Data to process Start Marker
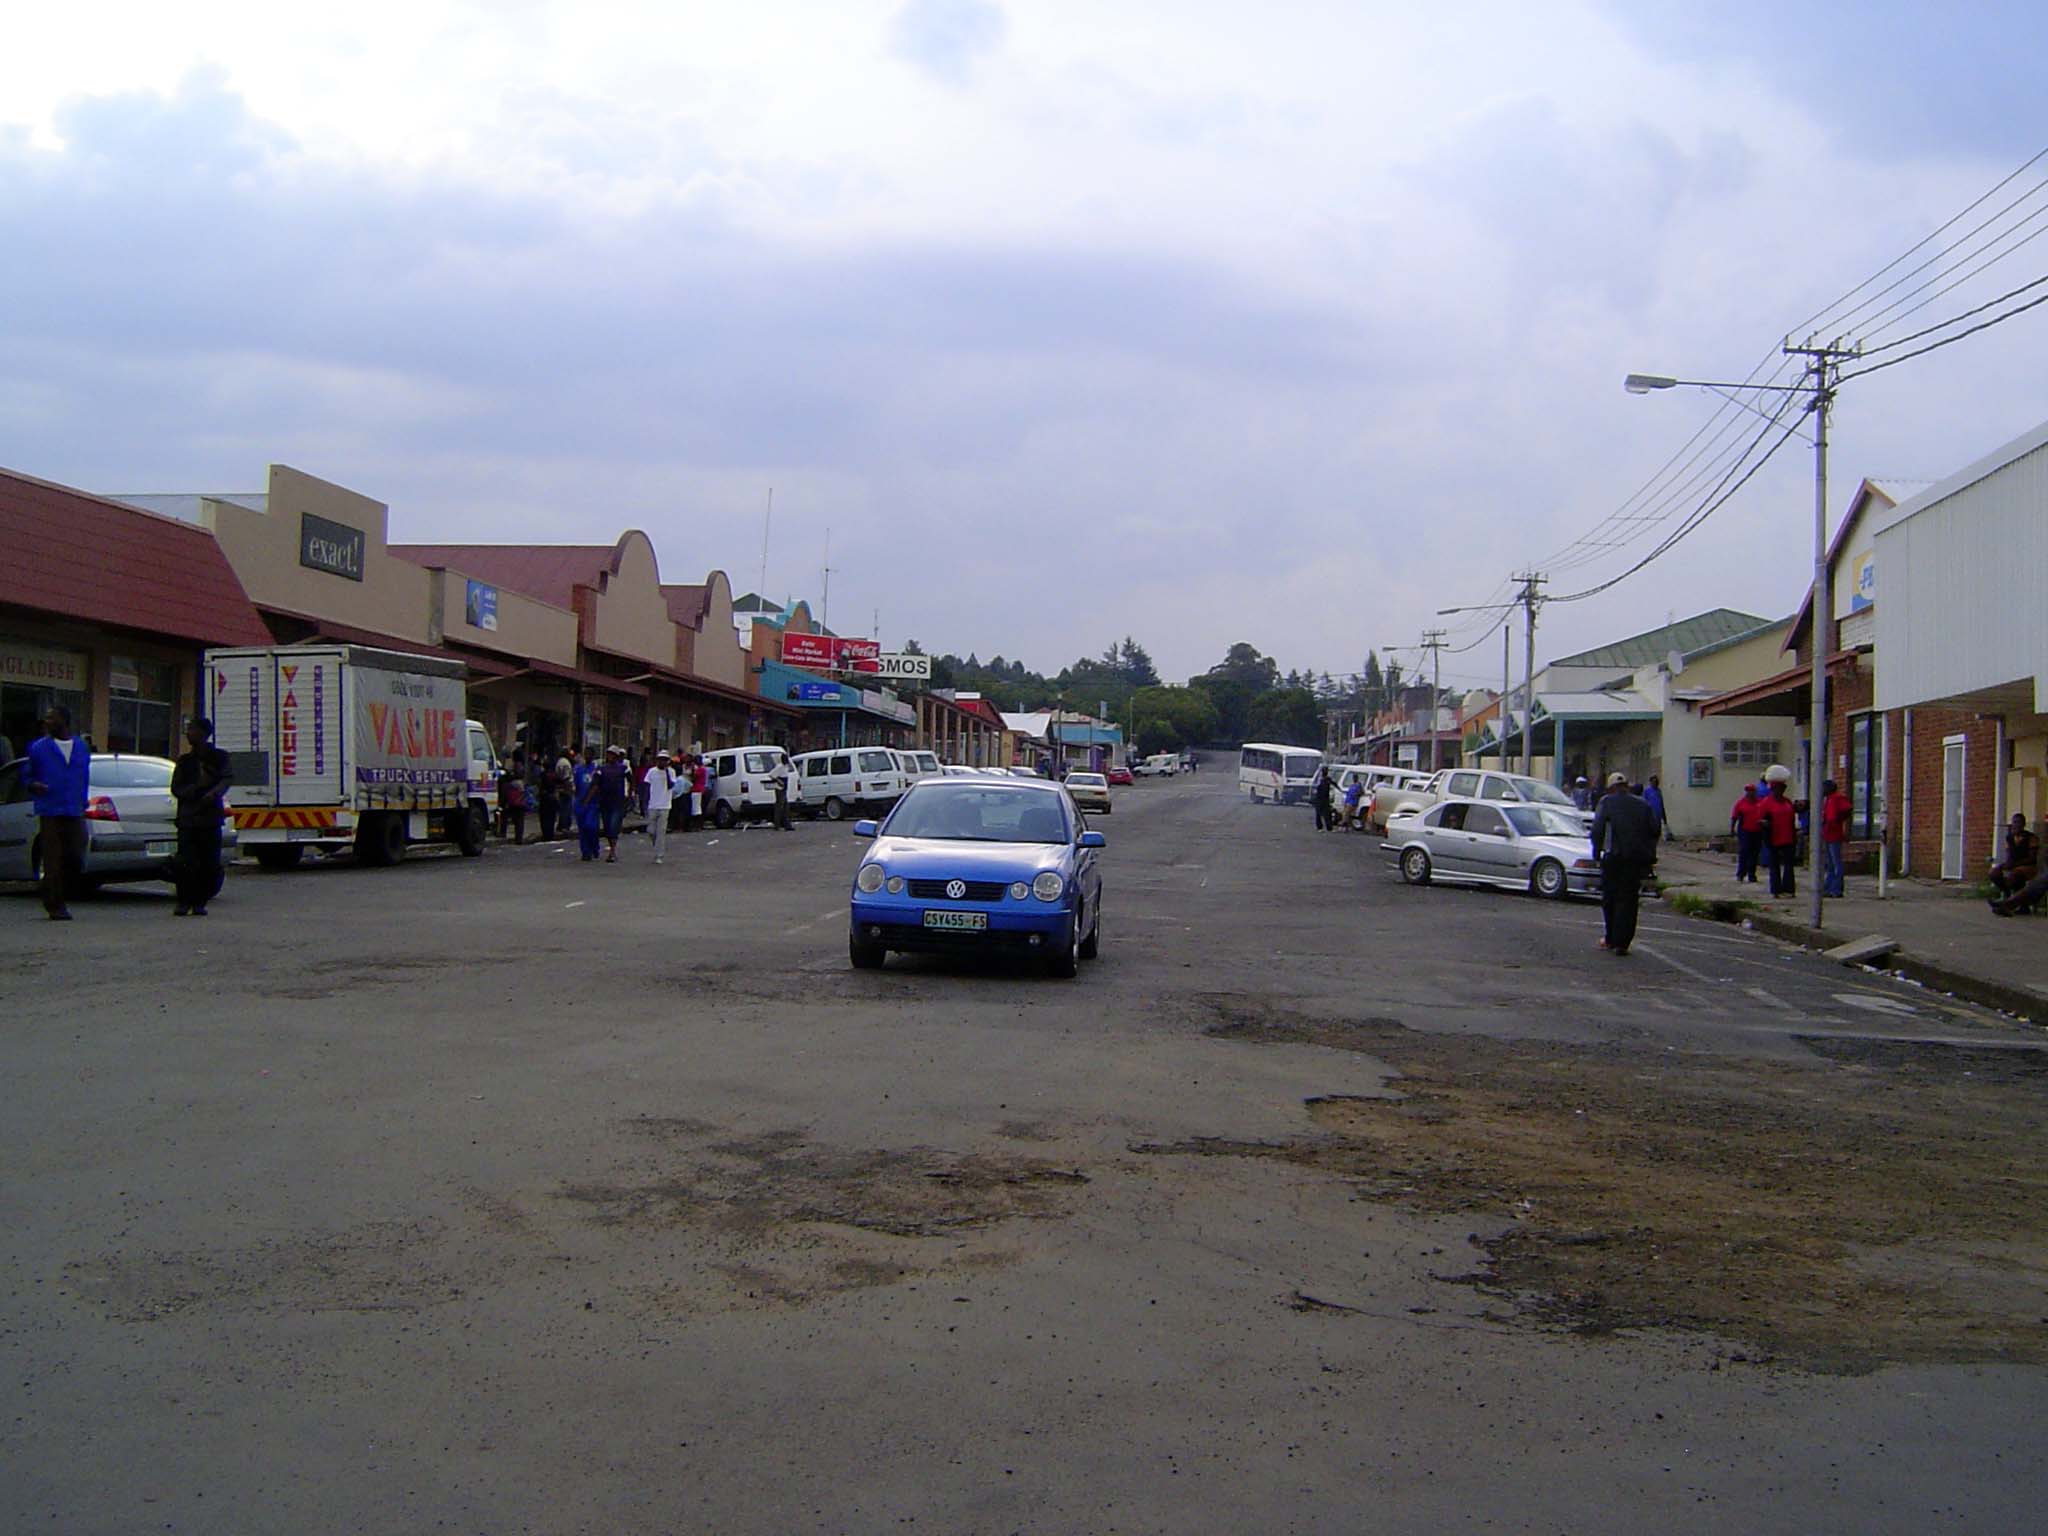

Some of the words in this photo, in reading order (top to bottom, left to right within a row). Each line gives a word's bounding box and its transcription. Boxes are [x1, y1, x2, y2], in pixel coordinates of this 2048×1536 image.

[309, 536, 359, 573] exact!
[367, 702, 457, 759] VALUE
[371, 768, 411, 782] TRUCK
[415, 769, 456, 783] RENTAL
Data to process End Marker
## Your instructions
When you repeat the data, keep it exact and drop every picture.

## Result of the exercise
Some of the words in this photo, in reading order (top to bottom, left to right within a row). Each line gives a word's bounding box and its transcription. Boxes are [x1, y1, x2, y2], in pixel coordinates of this 2048×1536 image.

[309, 536, 359, 573] exact!
[367, 702, 457, 759] VALUE
[371, 768, 411, 782] TRUCK
[415, 769, 456, 783] RENTAL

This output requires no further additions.